<<<<

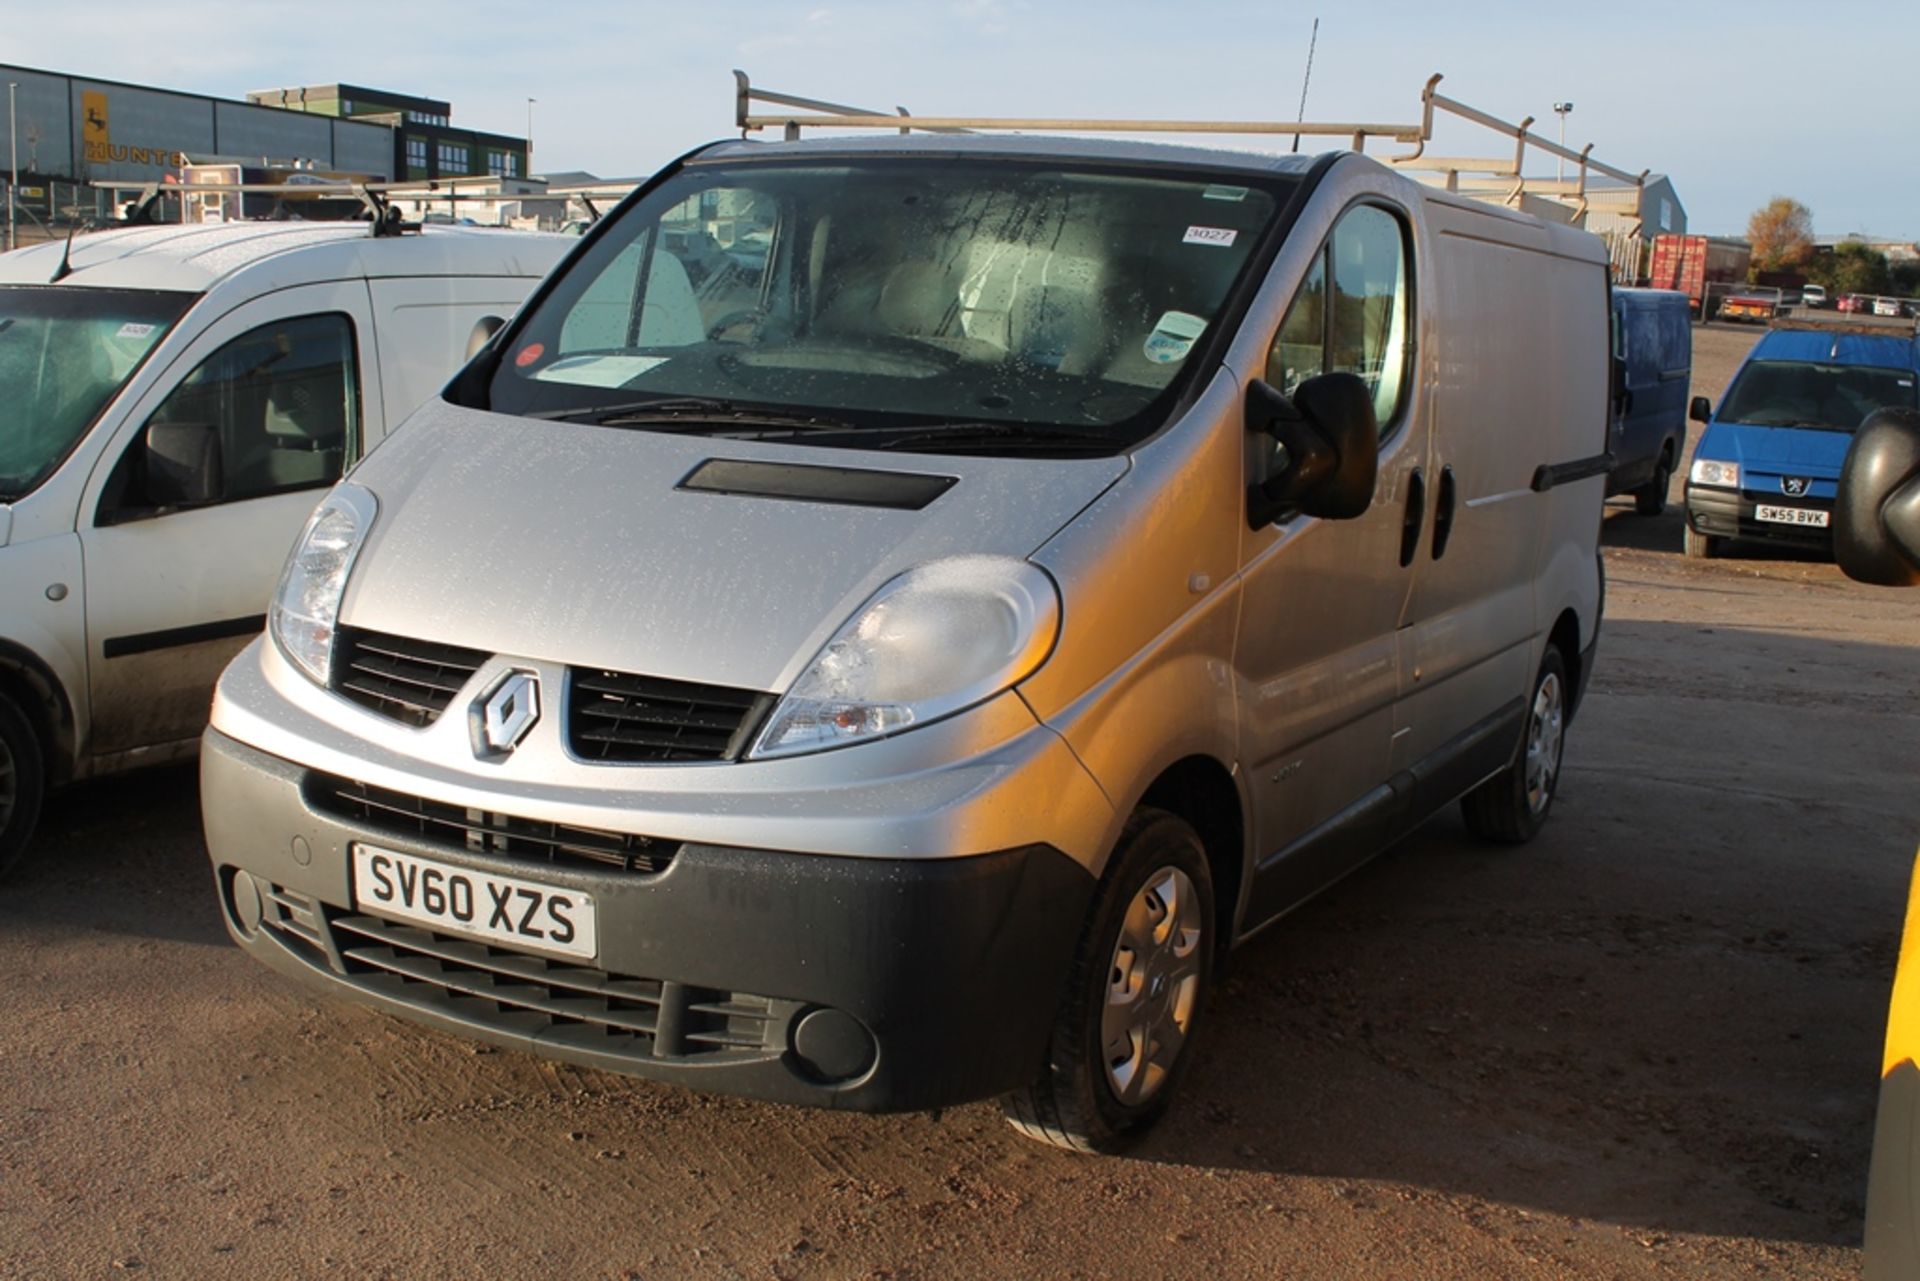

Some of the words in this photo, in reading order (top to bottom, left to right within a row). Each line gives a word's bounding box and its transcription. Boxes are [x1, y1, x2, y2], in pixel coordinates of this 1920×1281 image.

[1188, 228, 1233, 240] 3027
[1761, 507, 1795, 522] SW55
[1797, 511, 1823, 524] BVK
[370, 854, 475, 923] SV60
[487, 881, 575, 945] XZS
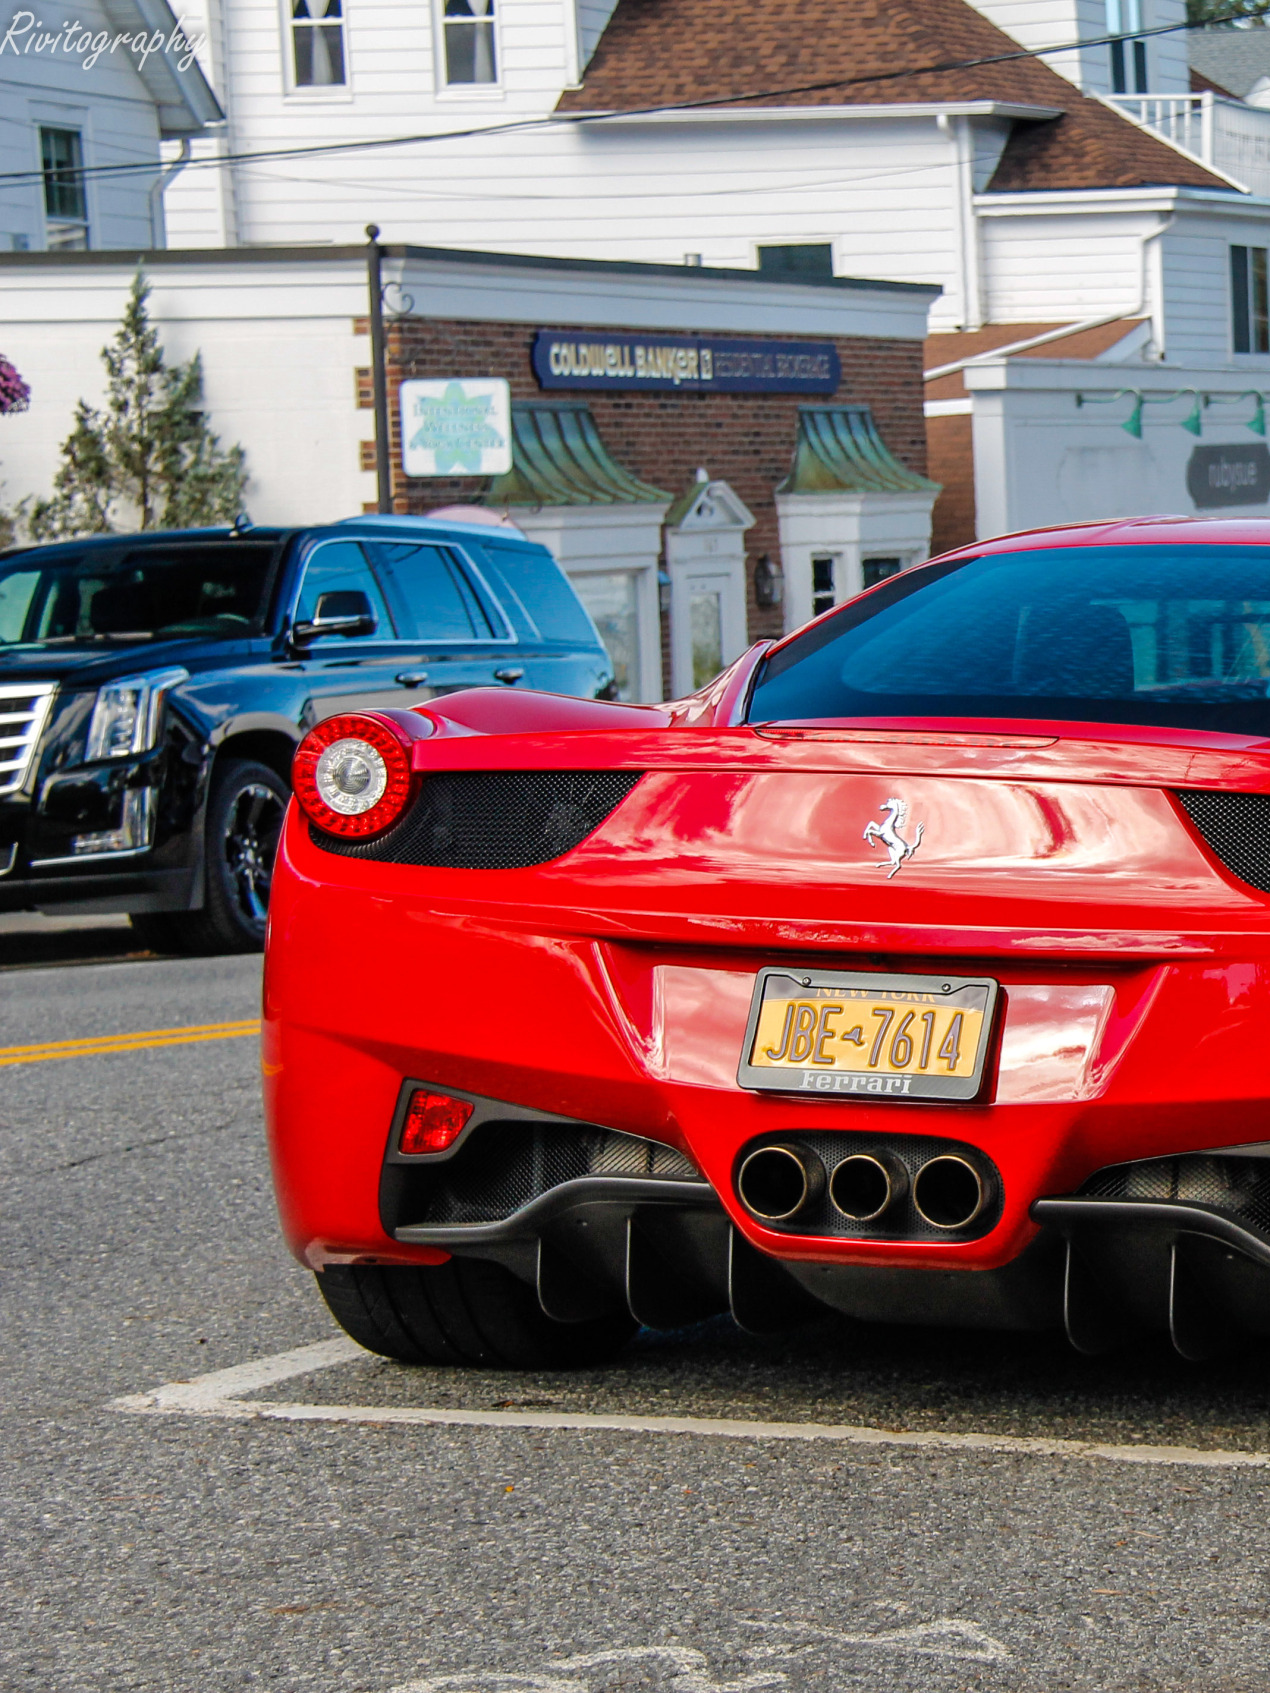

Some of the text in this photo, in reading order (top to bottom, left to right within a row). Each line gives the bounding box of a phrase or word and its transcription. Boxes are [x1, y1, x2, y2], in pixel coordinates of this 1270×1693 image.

>>>>

= Activity =
Reproduce the listing word for word, but keep the pictures out of it.

= Result =
Some of the words in this photo, in reading order (top to bottom, left to right within a row). Each line gives a word's bounding box and its transcription. Boxes are [x1, y1, x2, y2], in pixel coordinates of this 1920×1281 image.

[1188, 228, 1233, 240] 3027
[1761, 507, 1795, 522] SW55
[1797, 511, 1823, 524] BVK
[370, 854, 475, 923] SV60
[487, 881, 575, 945] XZS

Some of the text in this photo, in reading order (top to bottom, left to right within a row). Each line gives the bounding box of a phrase or word and its transcription. Boxes are [x1, y1, x2, y2], in pixel coordinates of this 1270×1693 image.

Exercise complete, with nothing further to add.